> [ASSIGNMENT]
Write the records out exactly as shown. No pictures.

======== RECORDS FOR THIS TASK

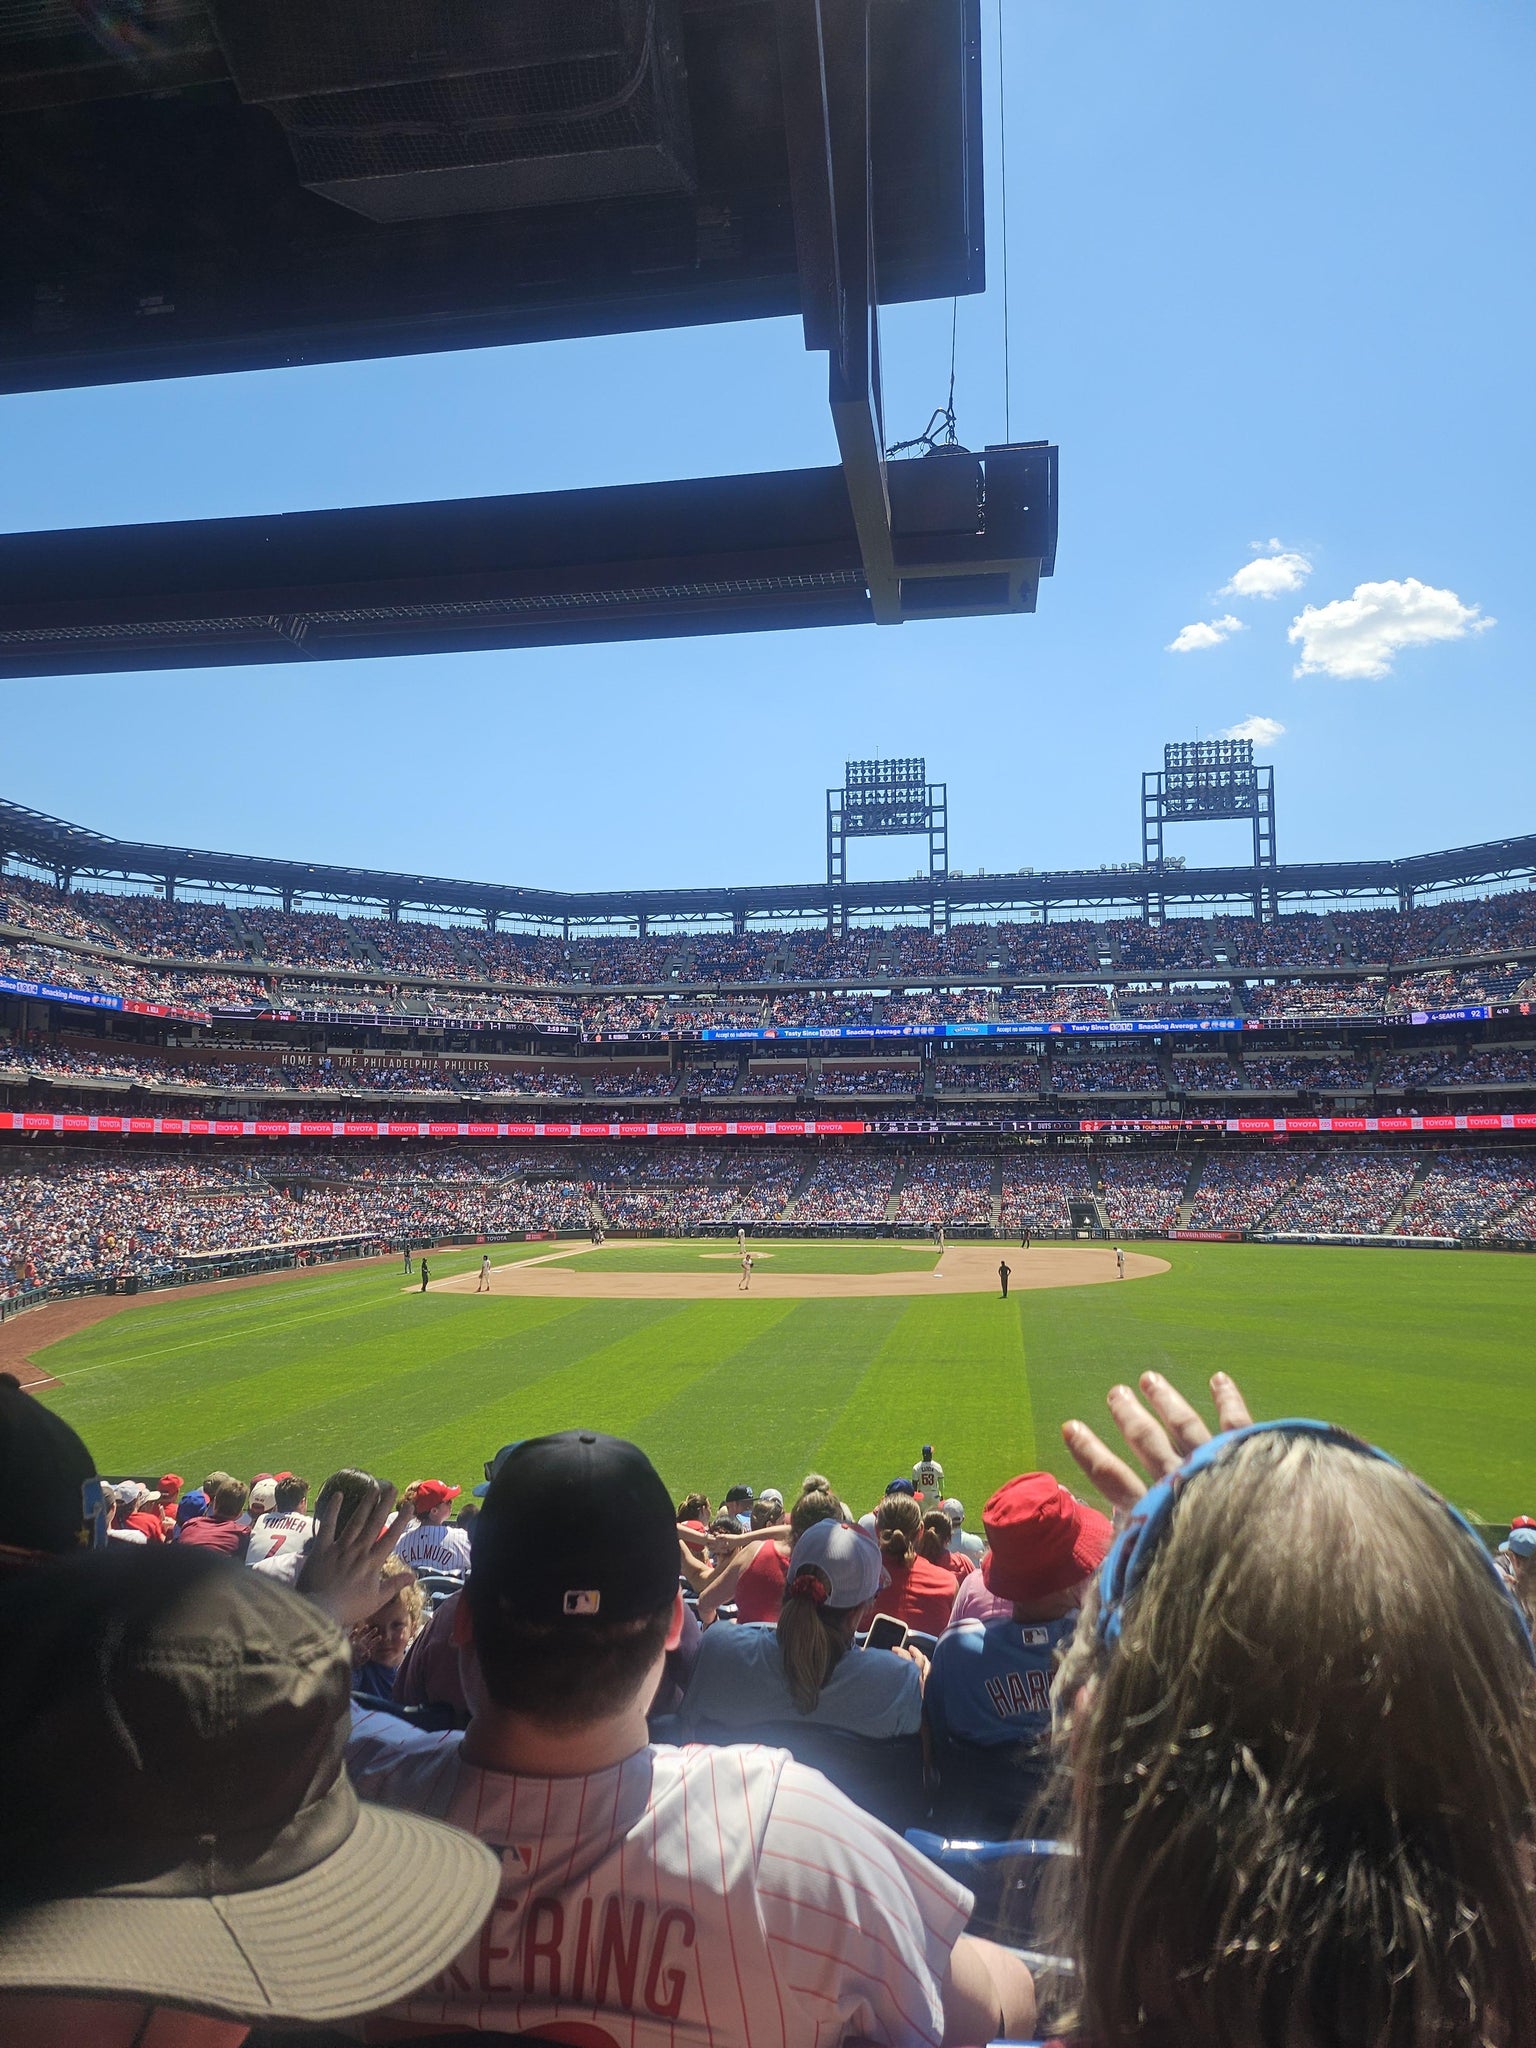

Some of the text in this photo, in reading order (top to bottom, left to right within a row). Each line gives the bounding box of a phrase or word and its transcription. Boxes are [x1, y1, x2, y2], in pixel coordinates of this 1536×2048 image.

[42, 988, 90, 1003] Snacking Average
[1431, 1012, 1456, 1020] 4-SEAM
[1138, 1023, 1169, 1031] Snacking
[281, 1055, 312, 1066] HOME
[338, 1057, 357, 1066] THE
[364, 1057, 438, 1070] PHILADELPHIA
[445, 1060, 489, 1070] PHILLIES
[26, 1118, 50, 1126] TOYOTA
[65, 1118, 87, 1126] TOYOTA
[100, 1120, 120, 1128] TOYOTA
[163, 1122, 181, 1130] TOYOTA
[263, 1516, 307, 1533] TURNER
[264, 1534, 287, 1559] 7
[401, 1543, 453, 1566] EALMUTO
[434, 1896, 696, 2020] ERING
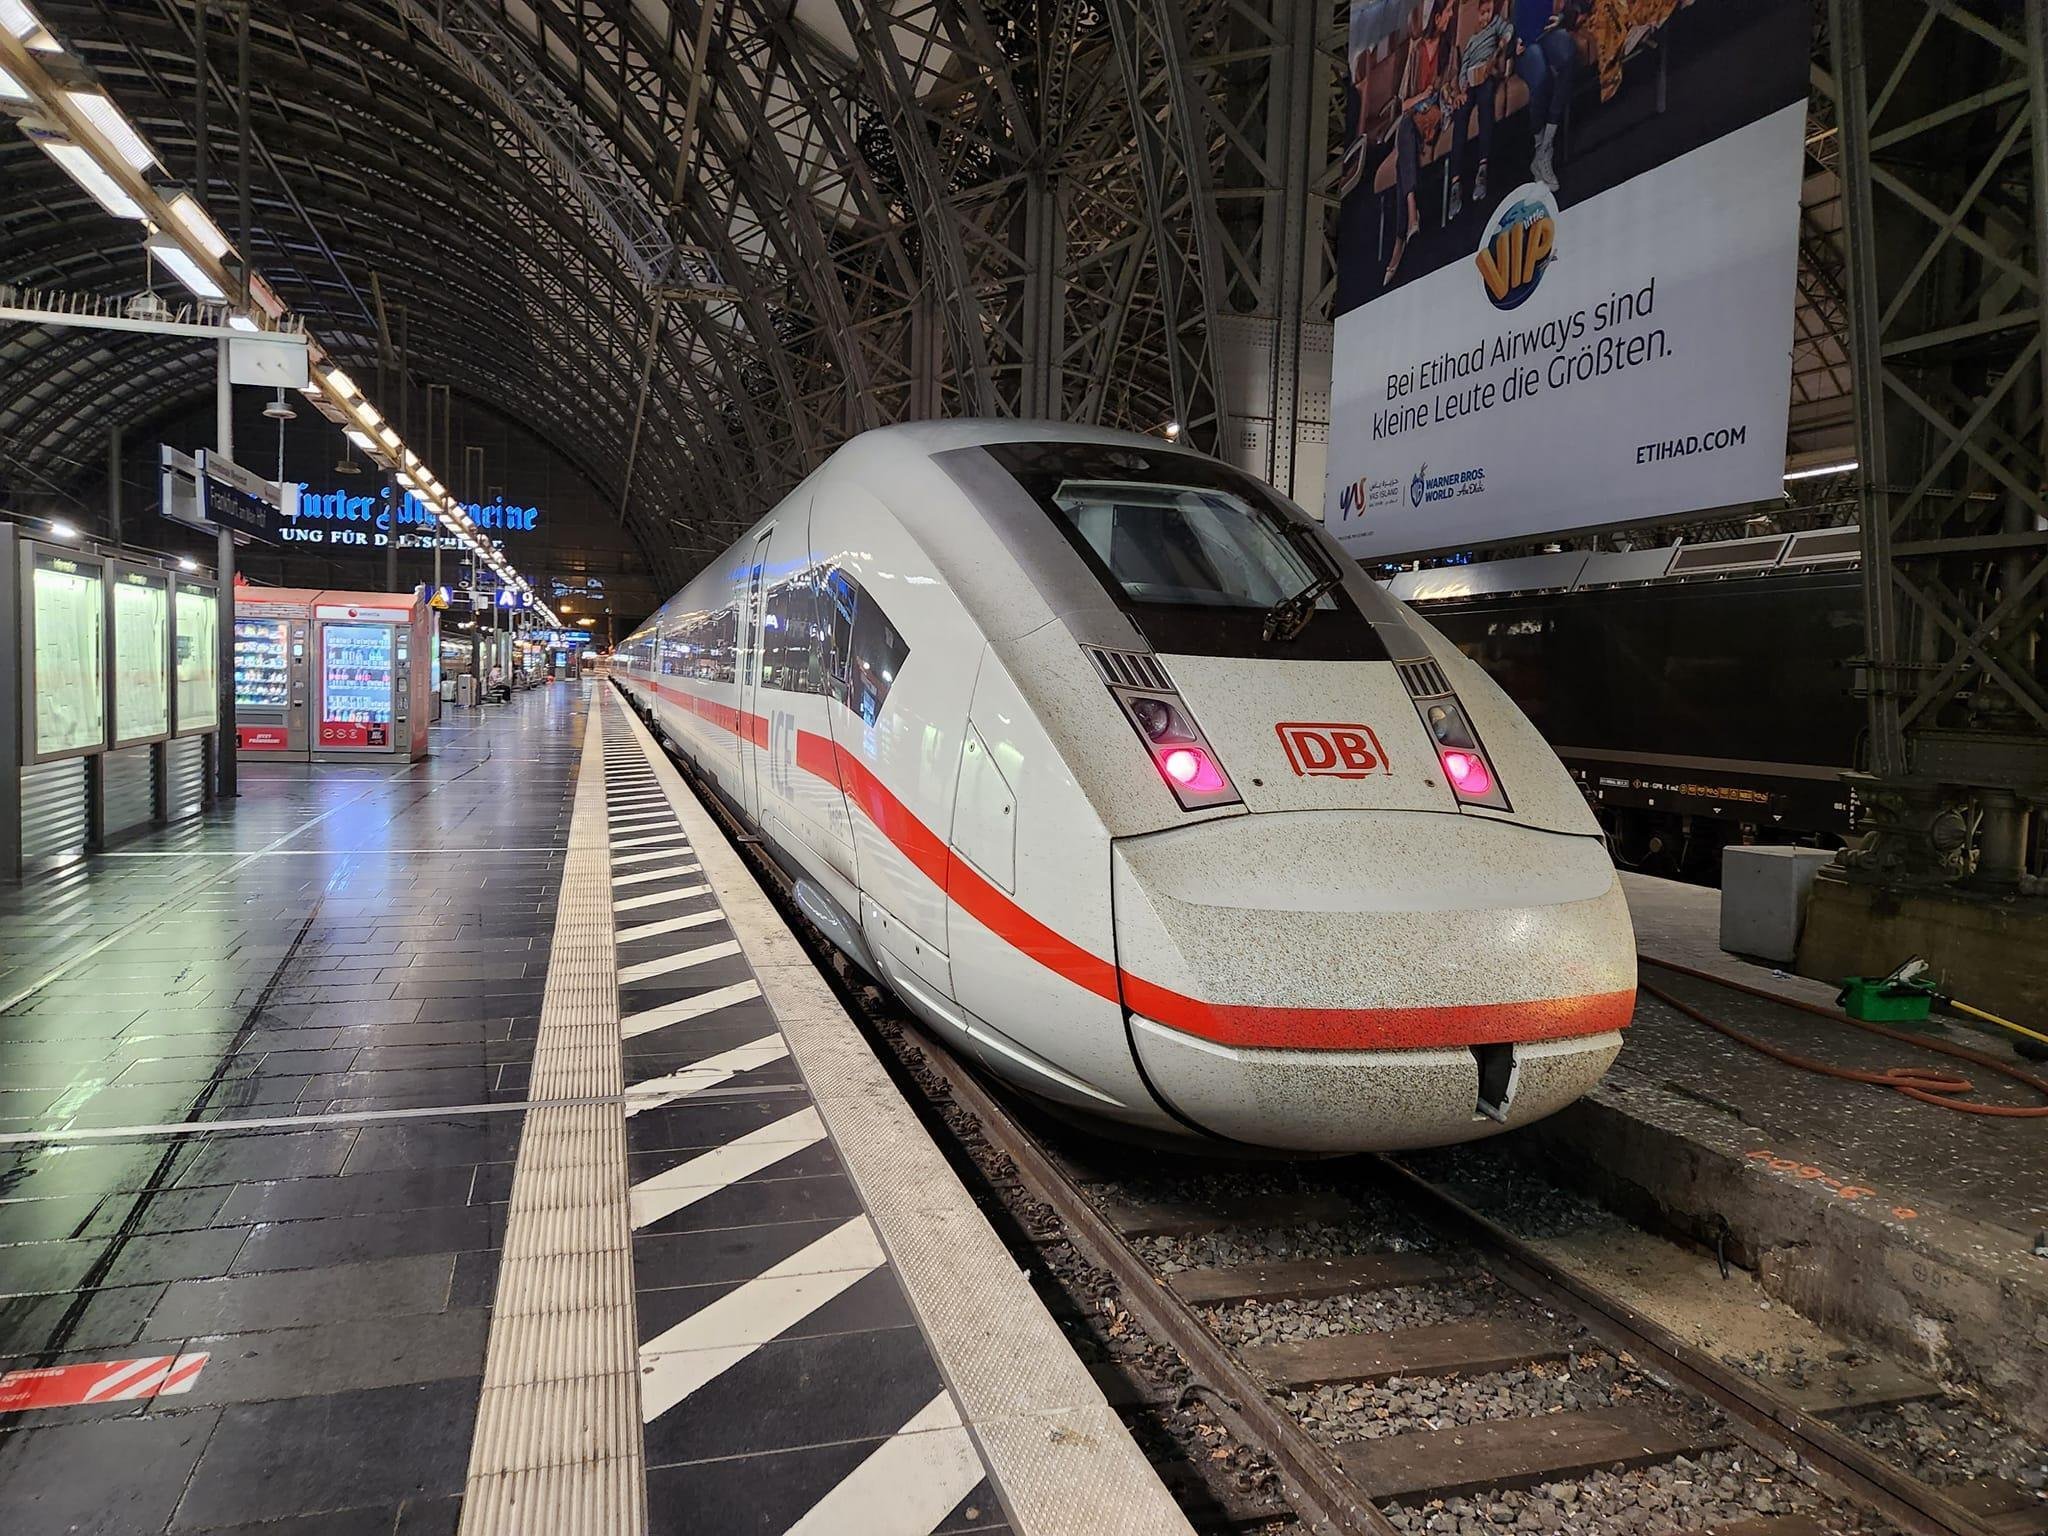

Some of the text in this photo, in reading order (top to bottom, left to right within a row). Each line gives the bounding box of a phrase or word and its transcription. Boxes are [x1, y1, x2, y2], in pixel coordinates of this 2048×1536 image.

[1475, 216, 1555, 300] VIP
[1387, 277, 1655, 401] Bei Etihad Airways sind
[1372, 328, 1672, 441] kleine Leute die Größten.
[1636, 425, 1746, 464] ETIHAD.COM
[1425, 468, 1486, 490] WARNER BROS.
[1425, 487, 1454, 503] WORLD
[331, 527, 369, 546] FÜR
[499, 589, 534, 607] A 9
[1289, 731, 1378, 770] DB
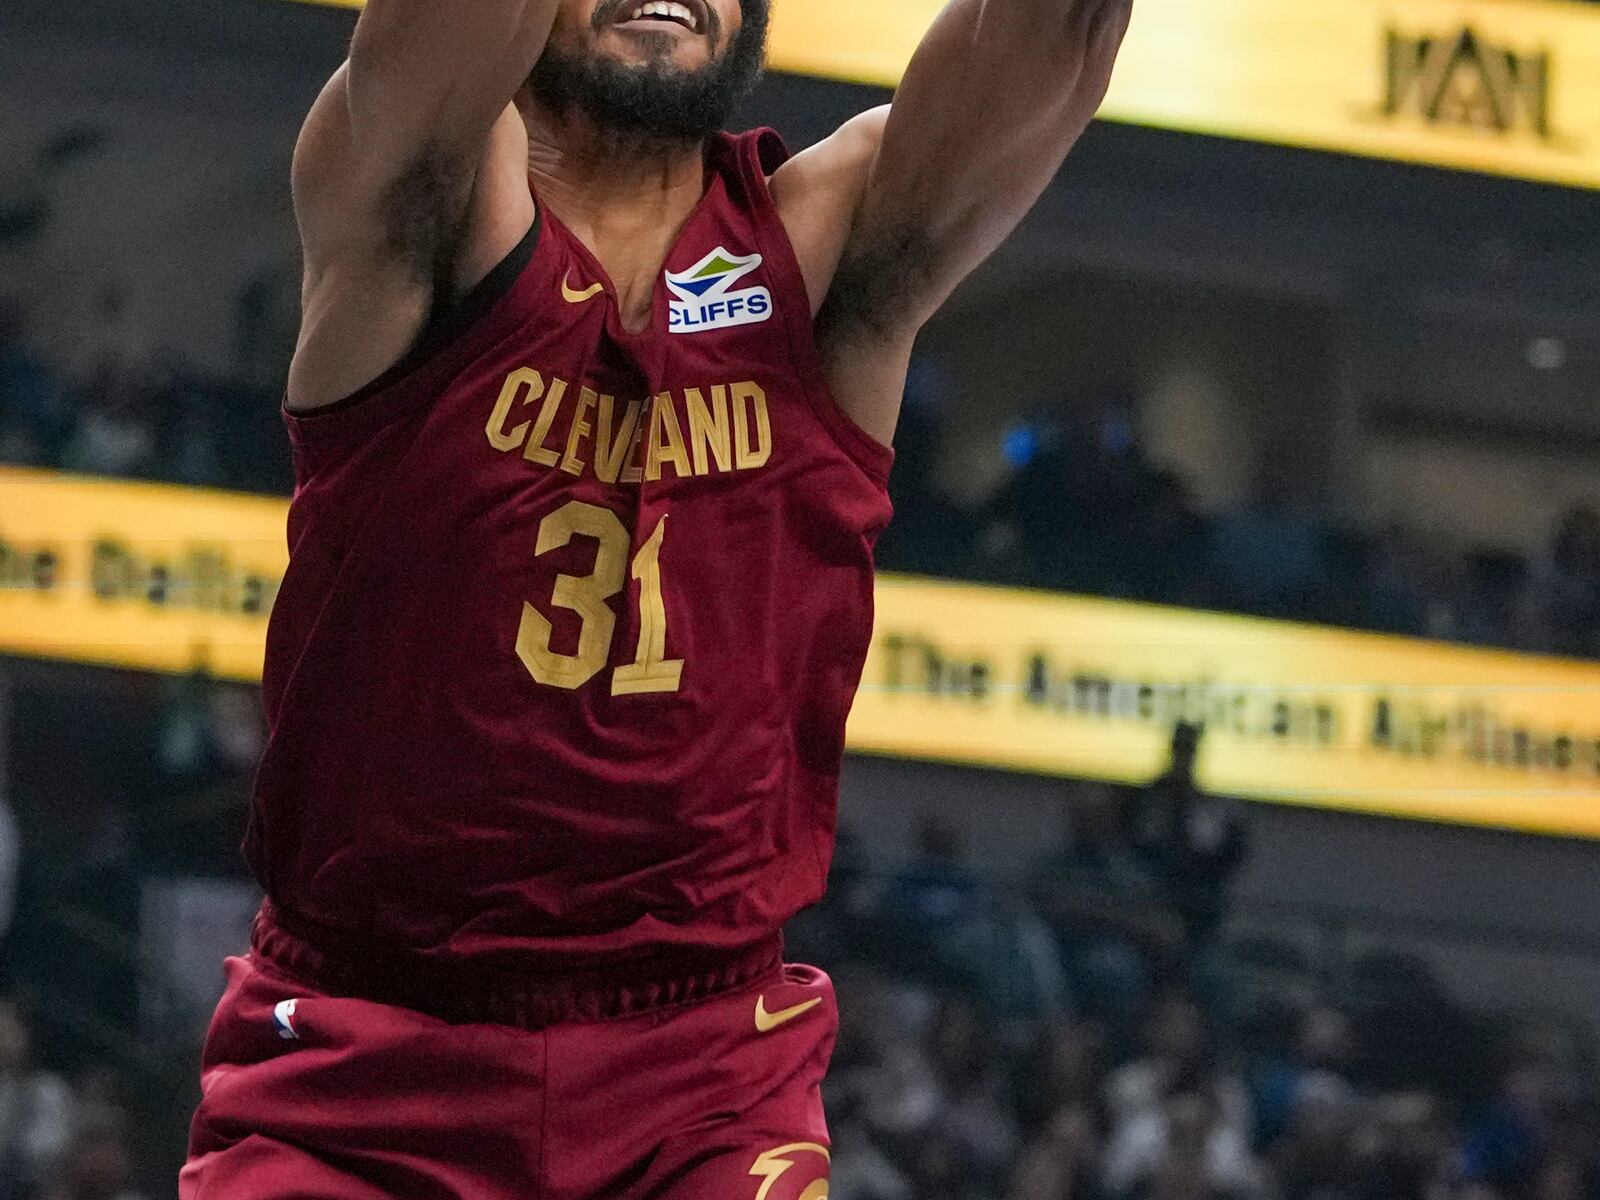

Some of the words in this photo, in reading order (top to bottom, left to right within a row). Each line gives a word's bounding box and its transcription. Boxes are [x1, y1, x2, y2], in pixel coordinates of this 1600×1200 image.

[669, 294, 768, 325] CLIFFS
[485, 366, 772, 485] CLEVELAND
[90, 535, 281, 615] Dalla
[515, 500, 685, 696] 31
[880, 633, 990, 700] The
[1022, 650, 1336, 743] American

================

> [SOLVED PROBLEM]
Some of the text in this photo, in reading order (top to bottom, left to right within a row). Each line gives the bounding box of a phrase or word and its transcription. Boxes are [x1, y1, x2, y2], in pixel coordinates of this 1536×2048 image.

[42, 988, 90, 1003] Snacking Average
[1431, 1012, 1456, 1020] 4-SEAM
[1138, 1023, 1169, 1031] Snacking
[281, 1055, 312, 1066] HOME
[338, 1057, 357, 1066] THE
[364, 1057, 438, 1070] PHILADELPHIA
[445, 1060, 489, 1070] PHILLIES
[26, 1118, 50, 1126] TOYOTA
[65, 1118, 87, 1126] TOYOTA
[100, 1120, 120, 1128] TOYOTA
[163, 1122, 181, 1130] TOYOTA
[263, 1516, 307, 1533] TURNER
[264, 1534, 287, 1559] 7
[401, 1543, 453, 1566] EALMUTO
[434, 1896, 696, 2020] ERING

Some of the text in this photo, in reading order (top to bottom, left to right within a row). Each line gives the bounding box of a phrase or word and its transcription. Boxes are [x1, y1, x2, y2], in pixel coordinates of this 2048×1536 image.

[1475, 216, 1555, 300] VIP
[1387, 277, 1655, 401] Bei Etihad Airways sind
[1372, 328, 1672, 441] kleine Leute die Größten.
[1636, 425, 1746, 464] ETIHAD.COM
[1425, 468, 1486, 490] WARNER BROS.
[1425, 487, 1454, 503] WORLD
[331, 527, 369, 546] FÜR
[499, 589, 534, 607] A 9
[1289, 731, 1378, 770] DB

Some of the words in this photo, in reading order (top to bottom, left to right within a row). Each line gives a word's bounding box and its transcription. Boxes are [x1, y1, x2, y2], in pixel coordinates of this 1600×1200 image.

[669, 294, 768, 325] CLIFFS
[485, 366, 772, 485] CLEVELAND
[90, 535, 281, 615] Dalla
[515, 500, 685, 696] 31
[880, 633, 990, 700] The
[1022, 650, 1336, 743] American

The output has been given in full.